- Aim of the task: Here the job is to copy the data exactly and to exclude every image from it.

(Items from a data source)

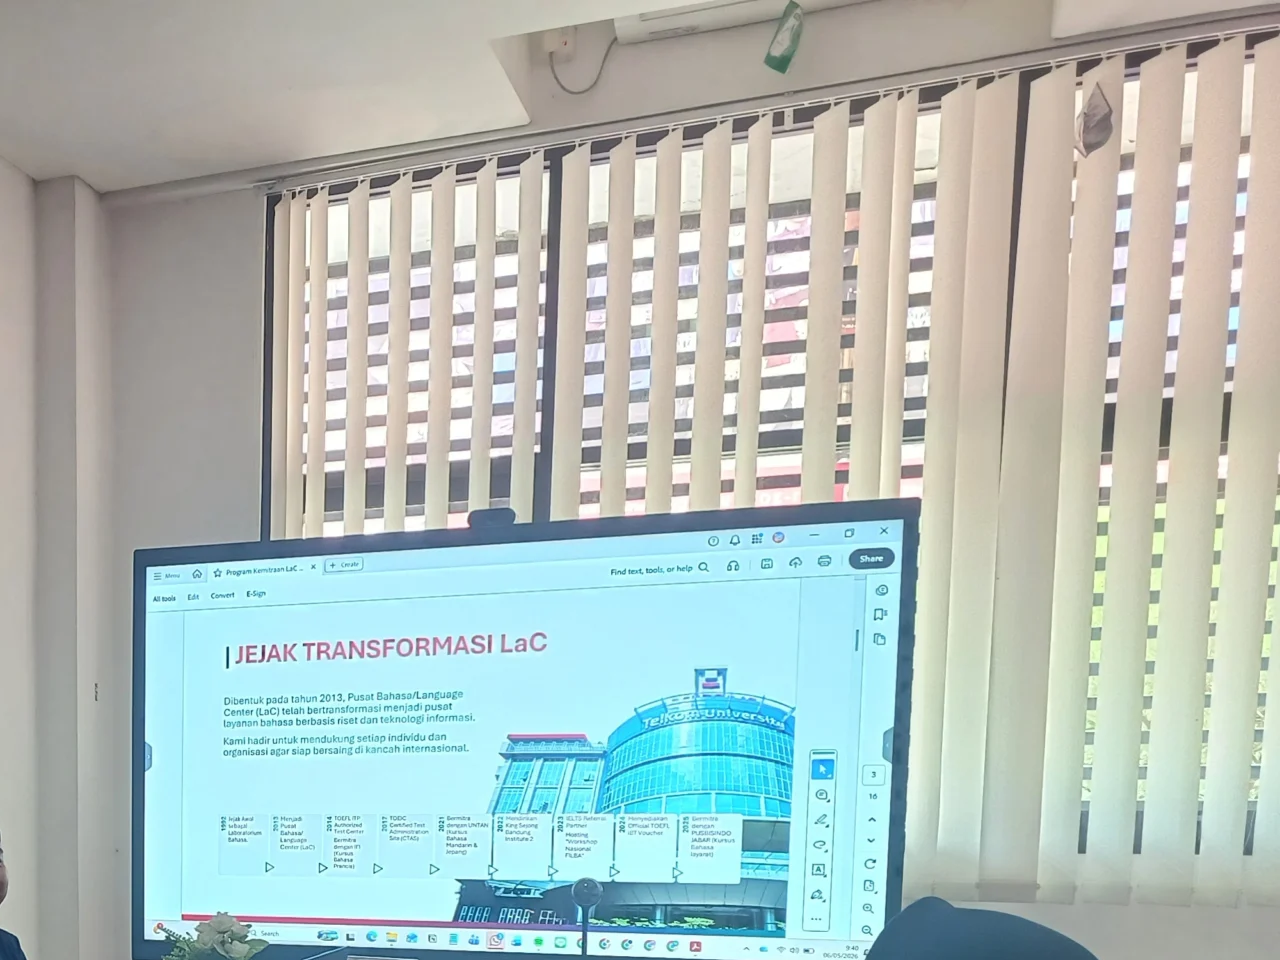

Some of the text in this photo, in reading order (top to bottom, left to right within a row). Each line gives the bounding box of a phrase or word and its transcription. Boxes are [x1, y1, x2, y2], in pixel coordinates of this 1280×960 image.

[860, 554, 884, 564] Share
[226, 567, 251, 577] Program
[646, 566, 665, 574] tools,
[677, 565, 693, 573] help
[162, 594, 176, 602] tools
[246, 590, 266, 598] E-Sign
[235, 631, 547, 664] JEJAK TRANSFORMASI LaC
[223, 689, 463, 706] Dibentuk pada tahun 2013, Pusat Bahasa/Language
[223, 702, 452, 717] Center (LaC) telah bertransformasi menjadi pusat
[223, 712, 476, 729] layanan bahasa berbasis riset dan teknologi informasi.
[642, 708, 785, 730] Telkom University
[223, 732, 446, 746] Kami hadir untuk mendukung setiap individu dan
[223, 743, 469, 758] organisasi agar siap bersaing di kancah internasional.
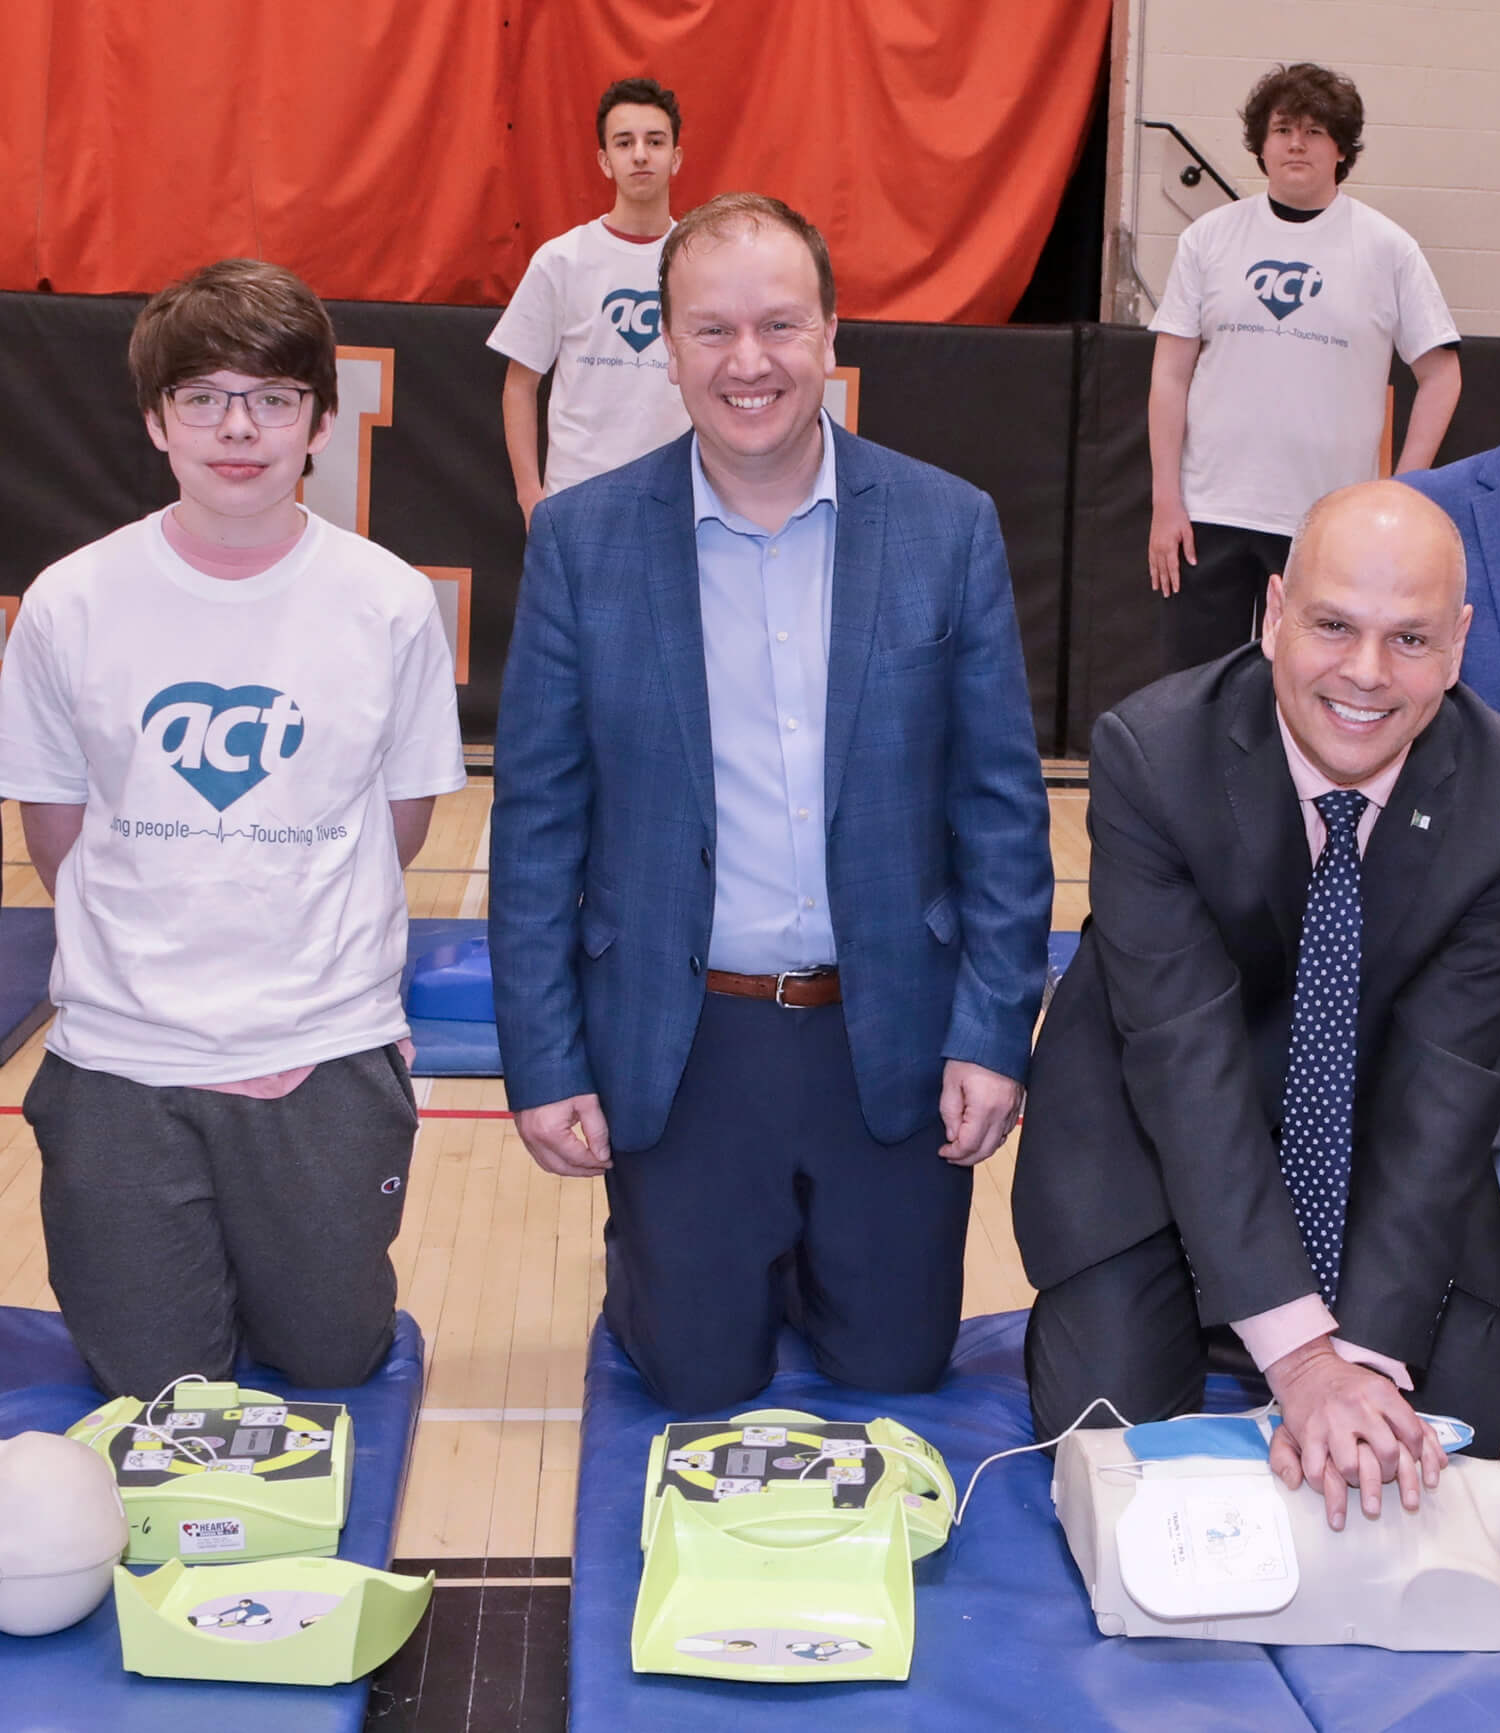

- Written response:
Some of the text in this photo, in reading order (top to bottom, left to right within a row). Each line gives the bounding box of a phrase or word and its transcription. Boxes are [x1, y1, x2, y2], in pixel coordinates of this 1280×960 image.

[860, 554, 884, 564] Share
[226, 567, 251, 577] Program
[646, 566, 665, 574] tools,
[677, 565, 693, 573] help
[162, 594, 176, 602] tools
[246, 590, 266, 598] E-Sign
[235, 631, 547, 664] JEJAK TRANSFORMASI LaC
[223, 689, 463, 706] Dibentuk pada tahun 2013, Pusat Bahasa/Language
[223, 702, 452, 717] Center (LaC) telah bertransformasi menjadi pusat
[223, 712, 476, 729] layanan bahasa berbasis riset dan teknologi informasi.
[642, 708, 785, 730] Telkom University
[223, 732, 446, 746] Kami hadir untuk mendukung setiap individu dan
[223, 743, 469, 758] organisasi agar siap bersaing di kancah internasional.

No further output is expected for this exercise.